* Data entries:
= = = =

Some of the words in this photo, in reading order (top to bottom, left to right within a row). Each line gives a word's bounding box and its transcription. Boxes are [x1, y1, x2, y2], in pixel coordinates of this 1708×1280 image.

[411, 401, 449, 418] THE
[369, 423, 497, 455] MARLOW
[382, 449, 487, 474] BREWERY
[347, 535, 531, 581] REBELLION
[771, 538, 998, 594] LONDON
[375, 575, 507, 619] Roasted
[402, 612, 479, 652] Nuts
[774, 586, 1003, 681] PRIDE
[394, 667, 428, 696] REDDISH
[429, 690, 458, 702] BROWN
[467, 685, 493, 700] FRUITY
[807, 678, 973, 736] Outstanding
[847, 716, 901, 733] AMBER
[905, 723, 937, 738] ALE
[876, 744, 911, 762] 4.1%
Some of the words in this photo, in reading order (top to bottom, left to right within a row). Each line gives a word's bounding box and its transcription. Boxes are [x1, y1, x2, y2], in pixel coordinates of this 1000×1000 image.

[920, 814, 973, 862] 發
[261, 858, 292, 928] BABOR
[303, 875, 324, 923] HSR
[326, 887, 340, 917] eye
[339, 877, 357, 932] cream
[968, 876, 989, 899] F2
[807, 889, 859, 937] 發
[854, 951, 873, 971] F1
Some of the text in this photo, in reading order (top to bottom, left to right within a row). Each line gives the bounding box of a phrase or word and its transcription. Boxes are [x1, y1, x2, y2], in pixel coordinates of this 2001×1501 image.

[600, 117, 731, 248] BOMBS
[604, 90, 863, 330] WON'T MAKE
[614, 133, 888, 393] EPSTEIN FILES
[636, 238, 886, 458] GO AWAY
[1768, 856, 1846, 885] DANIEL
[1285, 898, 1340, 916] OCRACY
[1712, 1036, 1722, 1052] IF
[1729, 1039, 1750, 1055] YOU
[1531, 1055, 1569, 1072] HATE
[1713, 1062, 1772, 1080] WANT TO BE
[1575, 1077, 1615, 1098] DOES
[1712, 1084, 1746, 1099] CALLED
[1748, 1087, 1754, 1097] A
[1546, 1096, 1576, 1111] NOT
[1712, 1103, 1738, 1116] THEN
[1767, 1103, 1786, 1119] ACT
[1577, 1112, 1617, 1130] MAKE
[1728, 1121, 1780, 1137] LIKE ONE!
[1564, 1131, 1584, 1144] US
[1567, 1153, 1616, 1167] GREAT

= = = =

* Problem to work on:
The response should consist of the entries, retyped exactly and in full.

* Answer to the problem:
Some of the words in this photo, in reading order (top to bottom, left to right within a row). Each line gives a word's bounding box and its transcription. Boxes are [x1, y1, x2, y2], in pixel coordinates of this 1708×1280 image.

[411, 401, 449, 418] THE
[369, 423, 497, 455] MARLOW
[382, 449, 487, 474] BREWERY
[347, 535, 531, 581] REBELLION
[771, 538, 998, 594] LONDON
[375, 575, 507, 619] Roasted
[402, 612, 479, 652] Nuts
[774, 586, 1003, 681] PRIDE
[394, 667, 428, 696] REDDISH
[429, 690, 458, 702] BROWN
[467, 685, 493, 700] FRUITY
[807, 678, 973, 736] Outstanding
[847, 716, 901, 733] AMBER
[905, 723, 937, 738] ALE
[876, 744, 911, 762] 4.1%
Some of the words in this photo, in reading order (top to bottom, left to right within a row). Each line gives a word's bounding box and its transcription. Boxes are [x1, y1, x2, y2], in pixel coordinates of this 1000×1000 image.

[920, 814, 973, 862] 發
[261, 858, 292, 928] BABOR
[303, 875, 324, 923] HSR
[326, 887, 340, 917] eye
[339, 877, 357, 932] cream
[968, 876, 989, 899] F2
[807, 889, 859, 937] 發
[854, 951, 873, 971] F1
Some of the text in this photo, in reading order (top to bottom, left to right within a row). Each line gives the bounding box of a phrase or word and its transcription. Boxes are [x1, y1, x2, y2], in pixel coordinates of this 2001×1501 image.

[600, 117, 731, 248] BOMBS
[604, 90, 863, 330] WON'T MAKE
[614, 133, 888, 393] EPSTEIN FILES
[636, 238, 886, 458] GO AWAY
[1768, 856, 1846, 885] DANIEL
[1285, 898, 1340, 916] OCRACY
[1712, 1036, 1722, 1052] IF
[1729, 1039, 1750, 1055] YOU
[1531, 1055, 1569, 1072] HATE
[1713, 1062, 1772, 1080] WANT TO BE
[1575, 1077, 1615, 1098] DOES
[1712, 1084, 1746, 1099] CALLED
[1748, 1087, 1754, 1097] A
[1546, 1096, 1576, 1111] NOT
[1712, 1103, 1738, 1116] THEN
[1767, 1103, 1786, 1119] ACT
[1577, 1112, 1617, 1130] MAKE
[1728, 1121, 1780, 1137] LIKE ONE!
[1564, 1131, 1584, 1144] US
[1567, 1153, 1616, 1167] GREAT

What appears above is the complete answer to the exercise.